ミヒャエル・エンデ作の『モモ』を思い出す。

『モモ』に道路掃除夫のベッポじいさんというのが出てくる。

ベッポじいさん曰く、

『「とっても長い道路を受けもつことがあるんだ。
おそろしく長くて、これじゃとてもやりきれない、こう思ってしまう。」

(略)

「そこでせかせかと働き出す。

どんどんスピードをあげてゆく。

ときどき目を上げてみるんだが、
いつ見ても のこりの道路はちっともへっていない。

だから、もっとすごいいきおいで働きまくる。

心配でたまらないんだ。

そしてしまいには息が切れて、動けなくなってしまう。

こういうやりかたは、いかんのだ。」

(略)

「いちどに道路ぜんぶのことを考えてははいかん、わかるかな?

つぎの一歩のことだけ、つぎのひと呼吸のことだけ、つぎのひとはきのことだけを考えるんだ。

いつもただつぎのことだけをな。
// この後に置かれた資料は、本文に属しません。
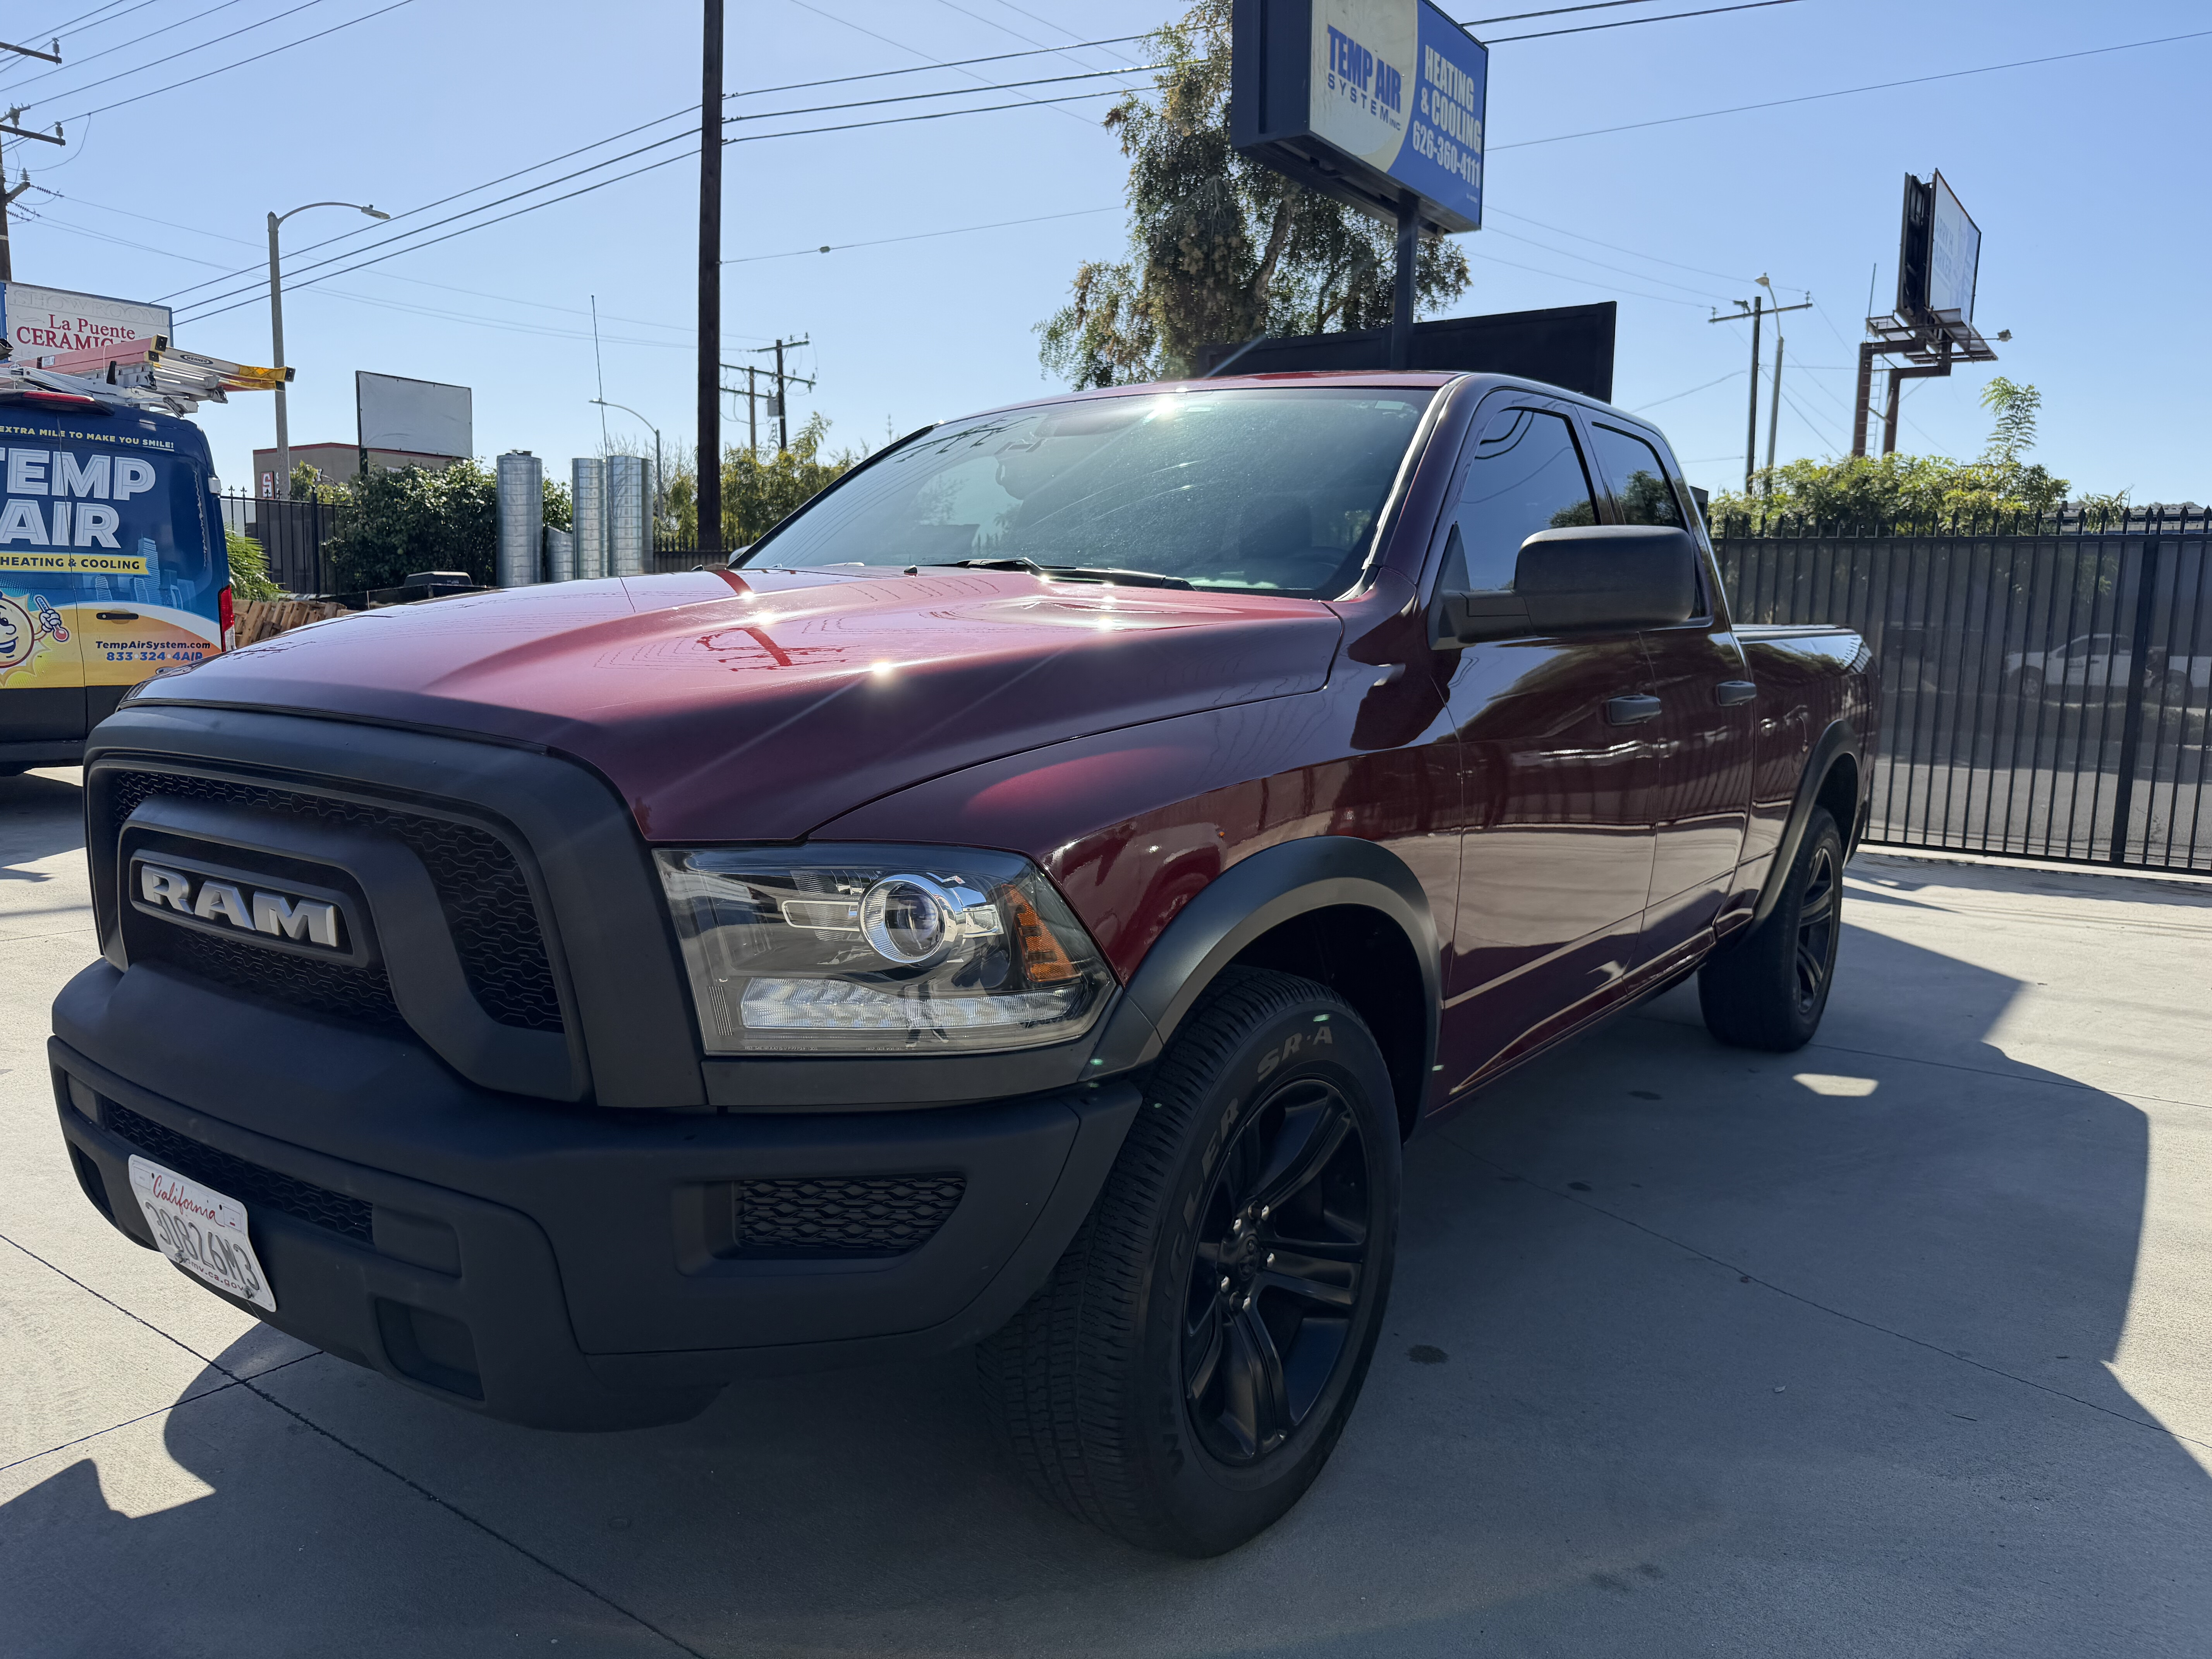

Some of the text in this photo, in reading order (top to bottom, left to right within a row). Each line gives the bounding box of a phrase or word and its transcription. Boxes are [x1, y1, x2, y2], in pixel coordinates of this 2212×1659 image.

[1327, 24, 1401, 114] TEMP AIR
[1424, 45, 1474, 112] HEATING
[1328, 72, 1389, 124] SYSTEM
[1420, 87, 1481, 155] & COOLING
[1412, 120, 1480, 189] 626-360-4111
[14, 289, 165, 325] SHOWROOM
[48, 314, 135, 340] La Puente
[0, 426, 36, 435] EXTRA
[87, 433, 115, 442] MAKE
[143, 439, 174, 448] SMILE!
[0, 447, 156, 501] EMP
[0, 498, 121, 548] AIR
[0, 556, 140, 570] HEATING & COOLING
[96, 641, 210, 650] TempAirSystem.com
[106, 652, 133, 661] 833
[140, 652, 166, 661] 324
[141, 864, 338, 947] RAM
[153, 1175, 225, 1227] California
[145, 1202, 260, 1290] 30826M3
」

(略)

「ひょっと気がついたときには、一歩一歩すすんできた道路がぜんぶ終わっとる。

どうやってやりとげたかは、じぶんでもわからん。」

彼はひとりうなずいて、こうむすびます。

「これがだいじなんだ」』

(『モモ』ミヒャエル・エンデ作 大島かおり訳 岩波書店)

一歩一歩の変化はほとんどわからない。

しかし、一歩の積み重ねが大きな変化を生む。

だから、今月の人間ドックが楽しみ。


 

posted by 一丁目のせいちゃん at 20:53| Comment(1) | TrackBack(0) | 賢者の知恵 | このブログの読者になる | 更新情報をチェックする
この記事へのコメント
ちょっとしんどいみたいだね。
しんどい時の一丁目のせいちゃんの心が胸に響きます。

自分を信じるのは、周りから認められる時は容易いけれど
否定される時に自分を貫くのは容易ではないかも・・・

一年前、浅草雷門近くの焼肉屋で飲みながら話を聞いた、
ある業界のプロの手掛けたプロジェクトが形になっていますね。

彼をはじめ私もですが、
一丁目のせいちゃんを応援している者が たくさんいることを忘れないで下さい。